##### Given data

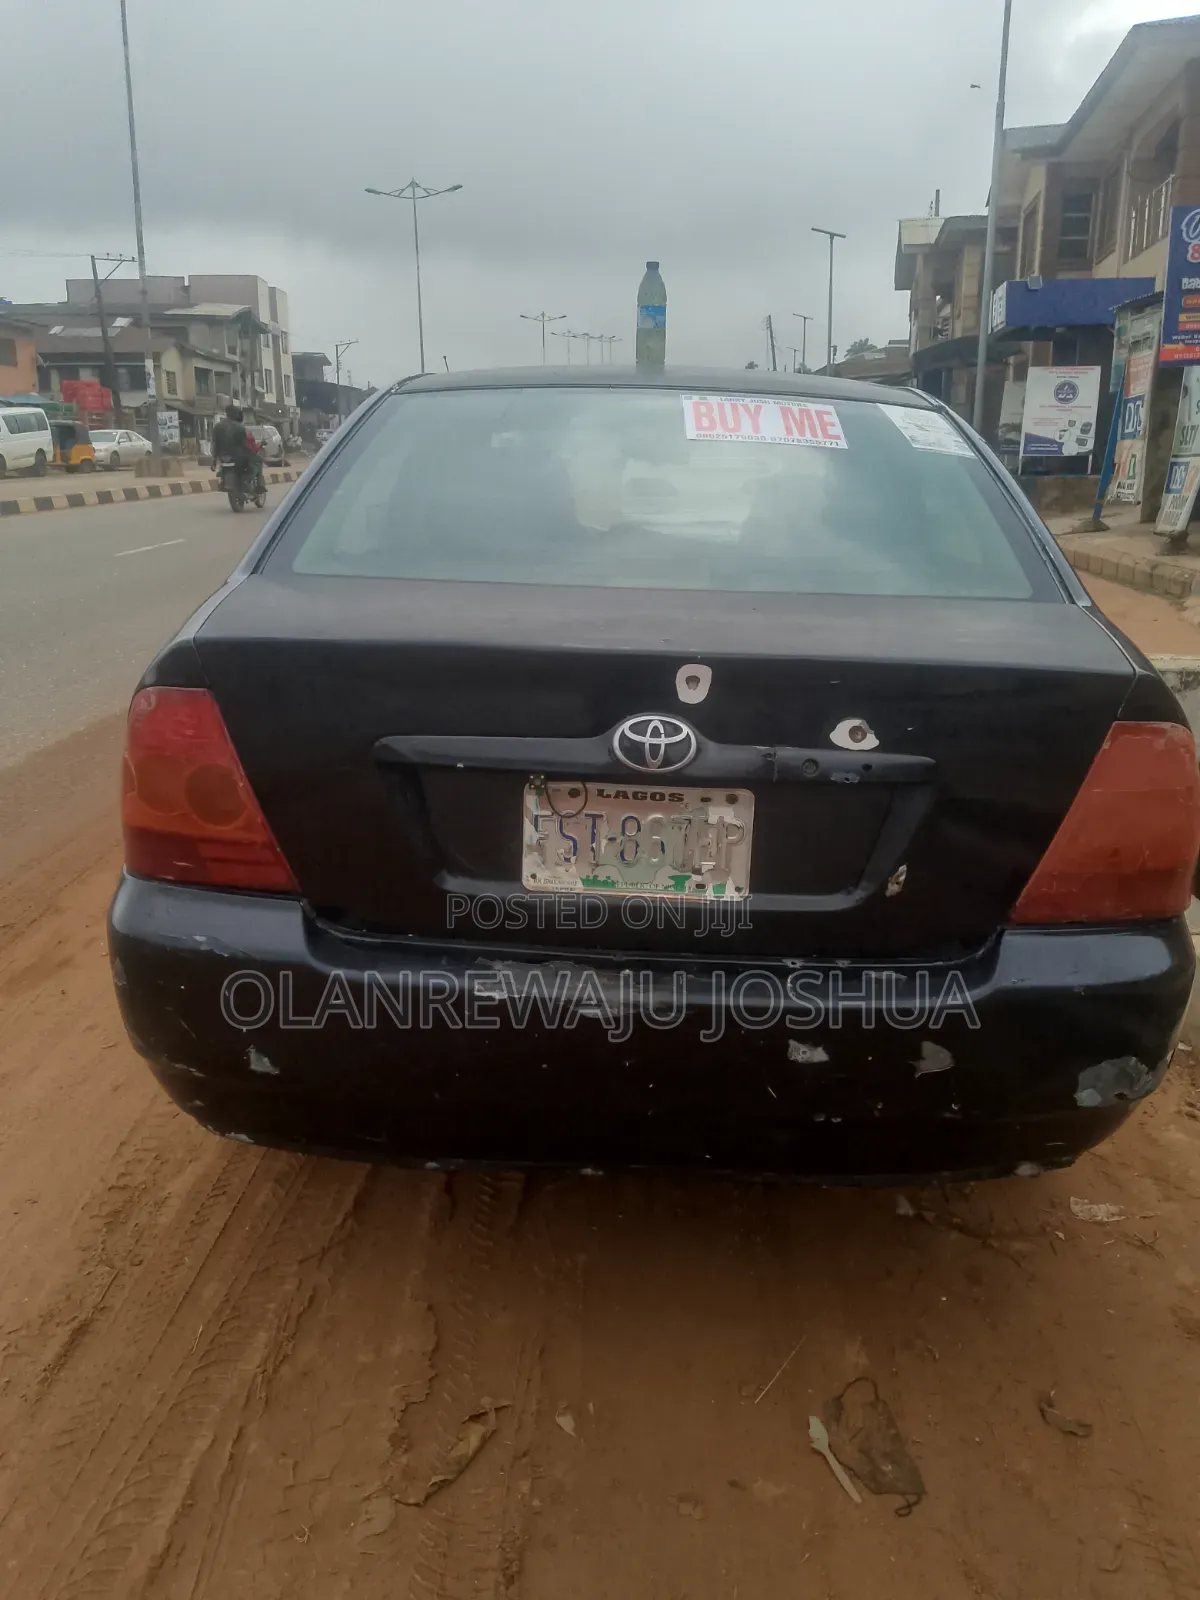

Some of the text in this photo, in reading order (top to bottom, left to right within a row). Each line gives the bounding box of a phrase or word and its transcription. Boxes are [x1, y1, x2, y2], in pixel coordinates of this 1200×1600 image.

[692, 400, 841, 440] BUY ME
[596, 788, 685, 803] LAGOS
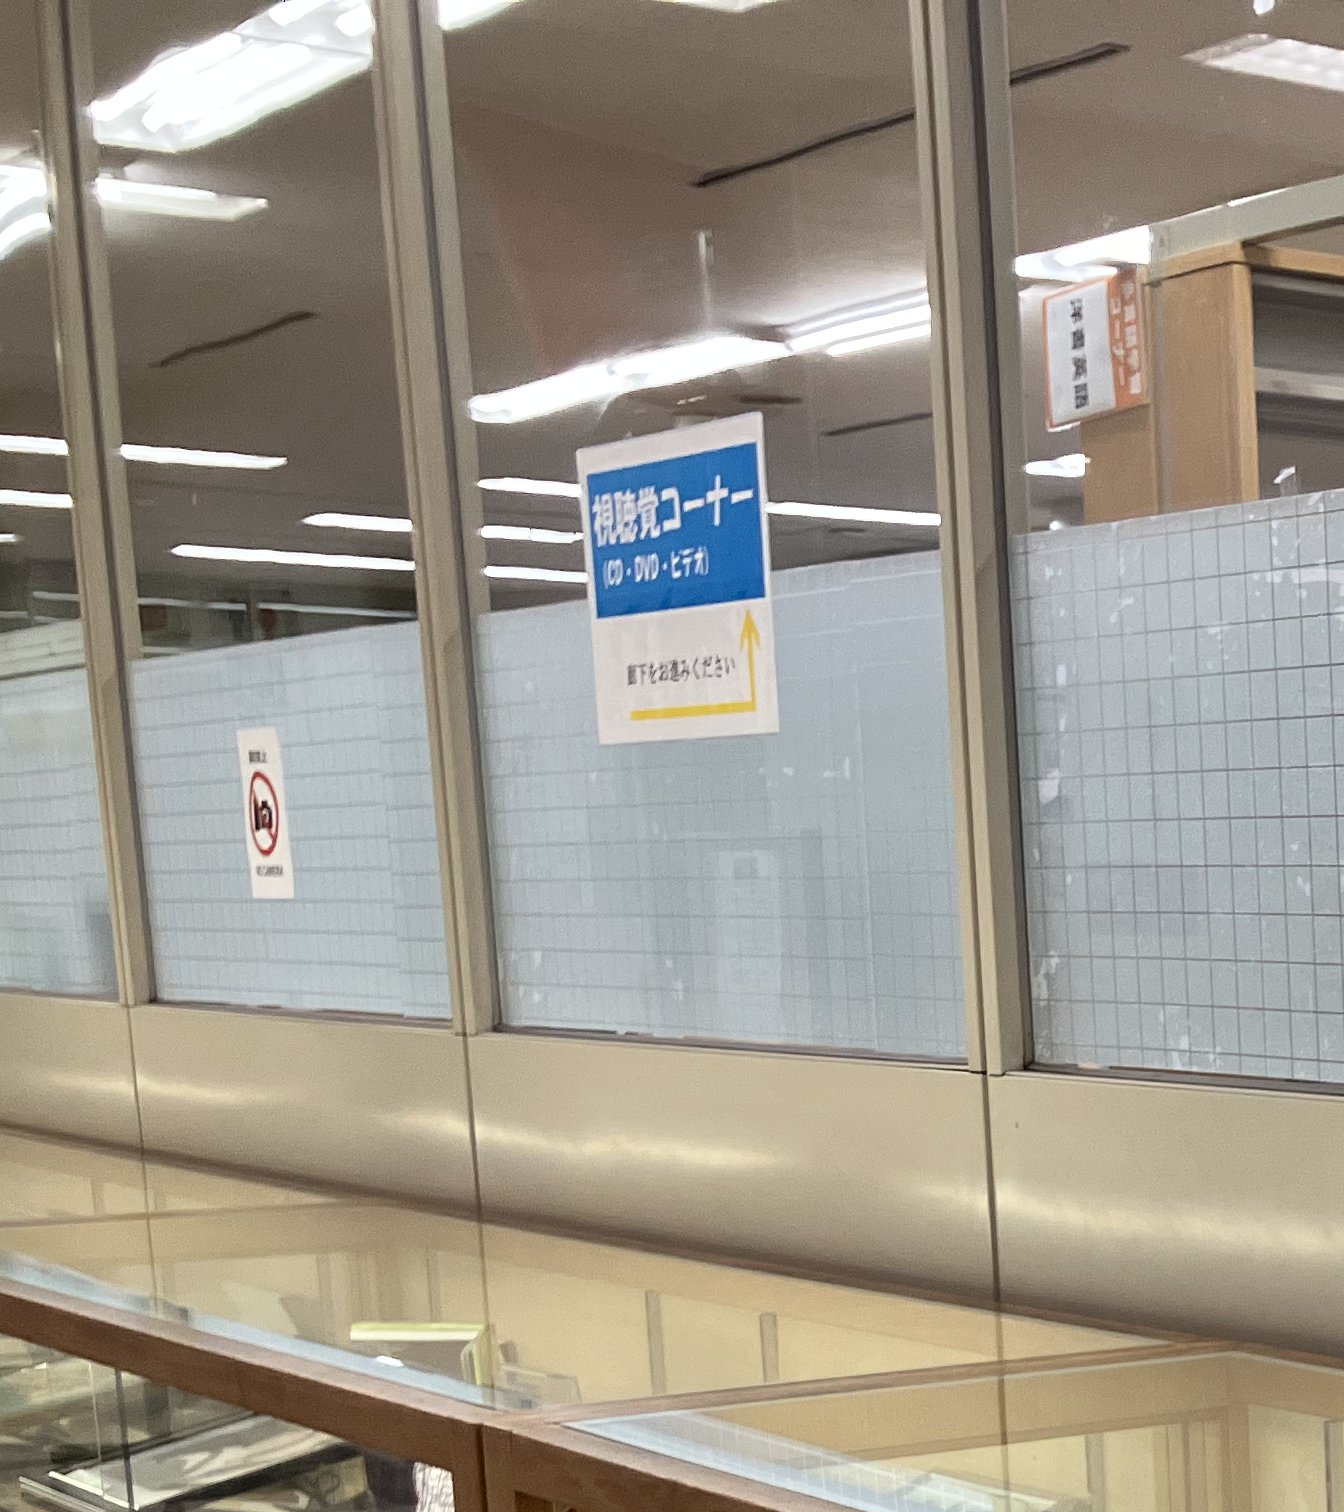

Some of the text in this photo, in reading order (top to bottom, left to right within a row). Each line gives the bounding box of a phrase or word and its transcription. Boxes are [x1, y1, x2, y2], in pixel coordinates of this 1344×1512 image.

[592, 474, 755, 548] 視聴覚コーナー
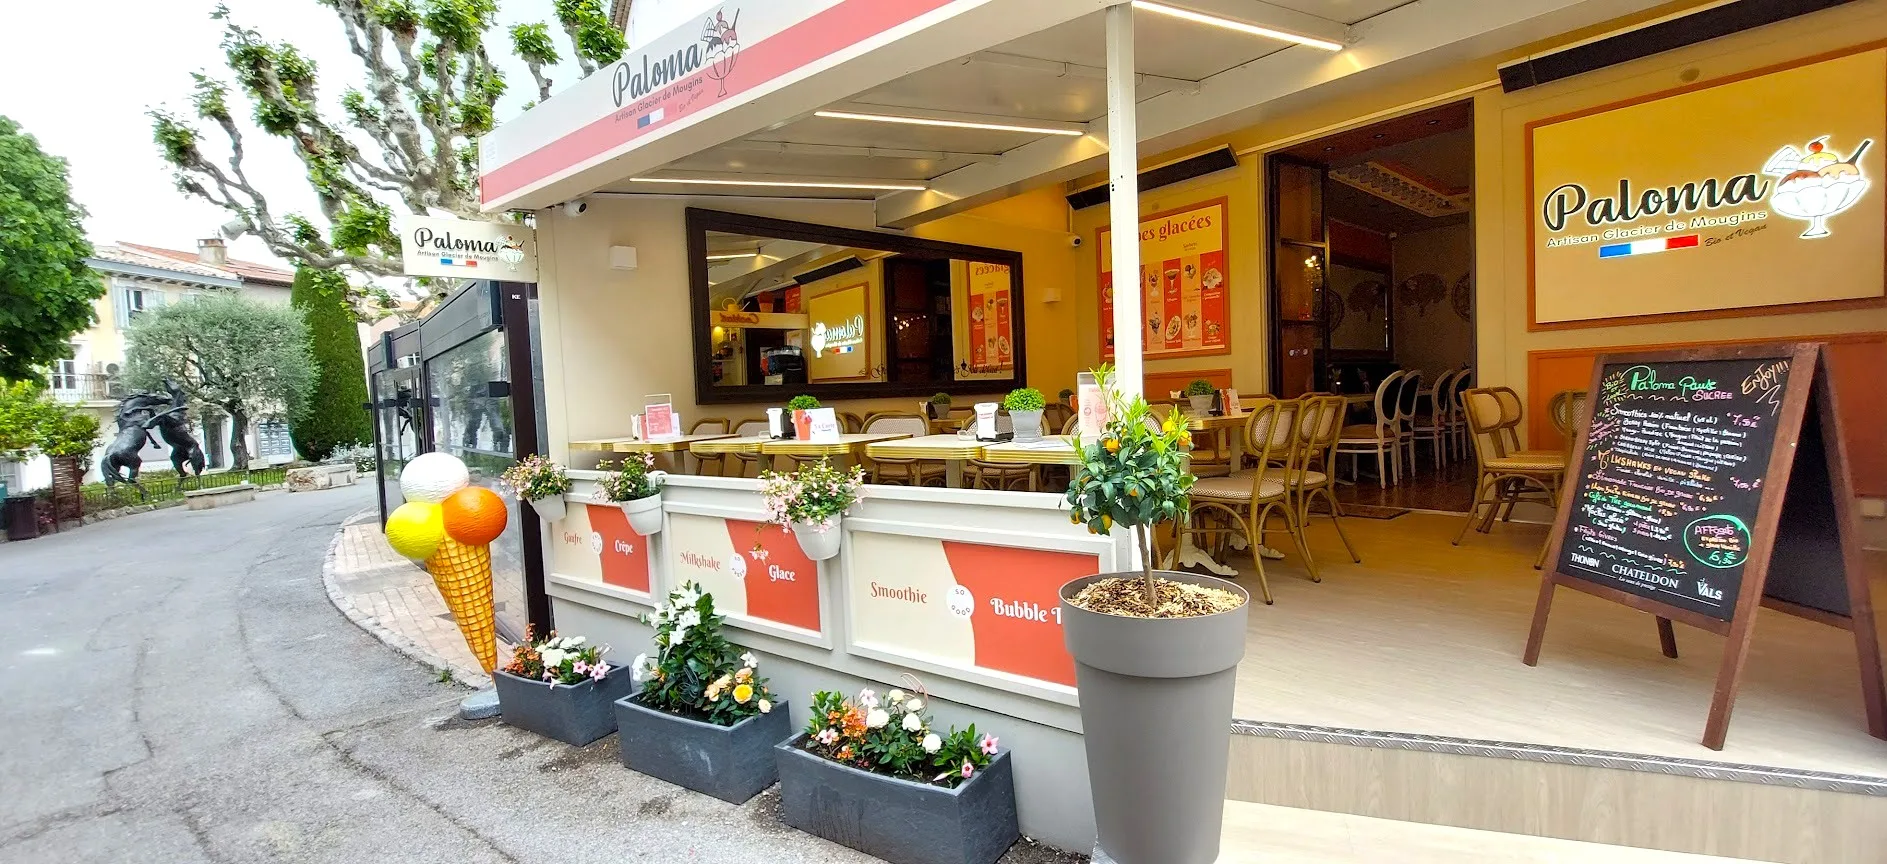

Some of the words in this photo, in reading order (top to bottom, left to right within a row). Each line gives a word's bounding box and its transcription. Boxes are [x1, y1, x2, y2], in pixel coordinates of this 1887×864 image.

[613, 43, 703, 107] Paloma
[615, 108, 637, 123] Artisan
[637, 96, 662, 112] Glacier
[662, 91, 671, 100] de
[672, 76, 703, 96] Mougins
[1543, 173, 1769, 232] Paloma
[414, 227, 499, 253] Paloma
[1158, 214, 1212, 242] glacées
[1546, 232, 1599, 248] Artisan
[1602, 223, 1661, 240] Glacier
[1665, 219, 1686, 231] de
[1689, 208, 1767, 229] Mougins
[1704, 236, 1722, 247] Bio
[1724, 232, 1736, 242] et
[1735, 223, 1768, 238] Vegan
[473, 254, 499, 262] Mougins
[1621, 365, 1676, 391] Paloma
[614, 538, 634, 556] Crêpe
[679, 550, 721, 571] Milkshake
[1571, 552, 1600, 568] THONON
[768, 564, 796, 582] Glace
[1611, 564, 1679, 589] CHATELDON
[870, 581, 927, 604] Smoothie
[1697, 581, 1723, 601] VALS
[990, 597, 1048, 623] Bubble
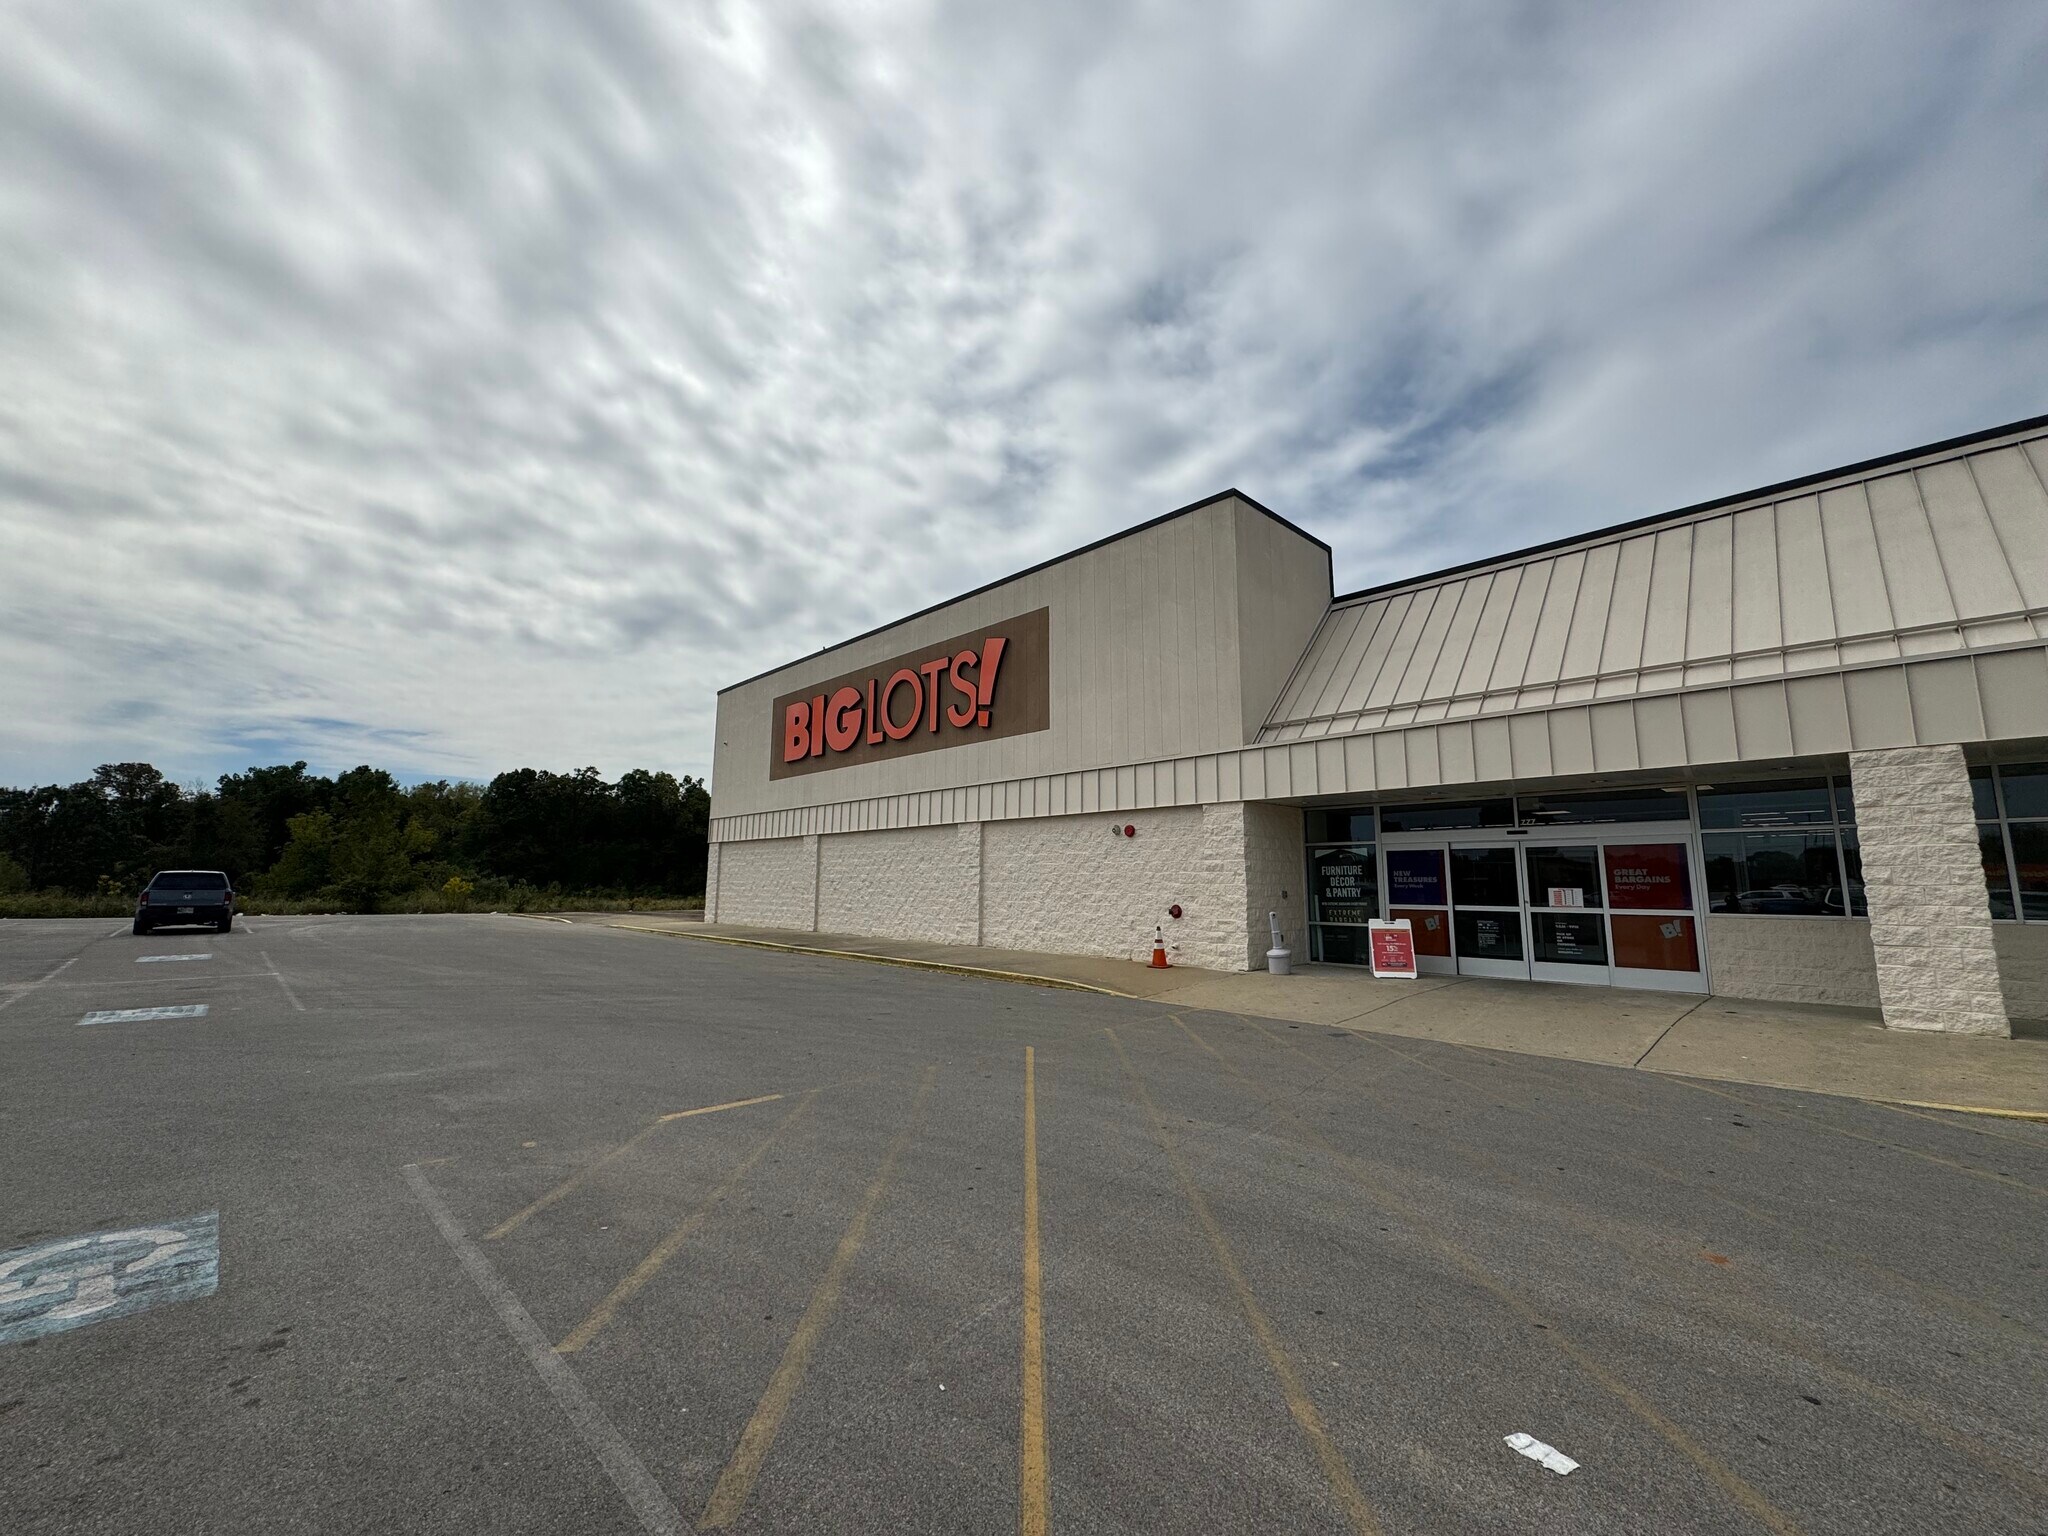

##########

* **What needs to be done**: Every line of the material above should be repeated exactly, except for the pictures.

* **Reply**:
Some of the text in this photo, in reading order (top to bottom, left to right within a row). Each line gives the bounding box of a phrase or word and its transcription. Boxes are [x1, y1, x2, y2], in pixel coordinates of this 1200×1600 image.

[692, 400, 841, 440] BUY ME
[596, 788, 685, 803] LAGOS

Some of the text in this photo, in reading order (top to bottom, left to right within a row). Each line gives the bounding box of a phrase or word and its transcription. Boxes are [x1, y1, x2, y2], in pixel coordinates of this 1344×1512 image.

[592, 474, 755, 548] 視聴覚コーナー

Some of the words in this photo, in reading order (top to bottom, left to right within a row). Each line gives a word's bounding box and its transcription. Boxes are [x1, y1, x2, y2], in pixel coordinates of this 1887×864 image.

[613, 43, 703, 107] Paloma
[615, 108, 637, 123] Artisan
[637, 96, 662, 112] Glacier
[662, 91, 671, 100] de
[672, 76, 703, 96] Mougins
[1543, 173, 1769, 232] Paloma
[414, 227, 499, 253] Paloma
[1158, 214, 1212, 242] glacées
[1546, 232, 1599, 248] Artisan
[1602, 223, 1661, 240] Glacier
[1665, 219, 1686, 231] de
[1689, 208, 1767, 229] Mougins
[1704, 236, 1722, 247] Bio
[1724, 232, 1736, 242] et
[1735, 223, 1768, 238] Vegan
[473, 254, 499, 262] Mougins
[1621, 365, 1676, 391] Paloma
[614, 538, 634, 556] Crêpe
[679, 550, 721, 571] Milkshake
[1571, 552, 1600, 568] THONON
[768, 564, 796, 582] Glace
[1611, 564, 1679, 589] CHATELDON
[870, 581, 927, 604] Smoothie
[1697, 581, 1723, 601] VALS
[990, 597, 1048, 623] Bubble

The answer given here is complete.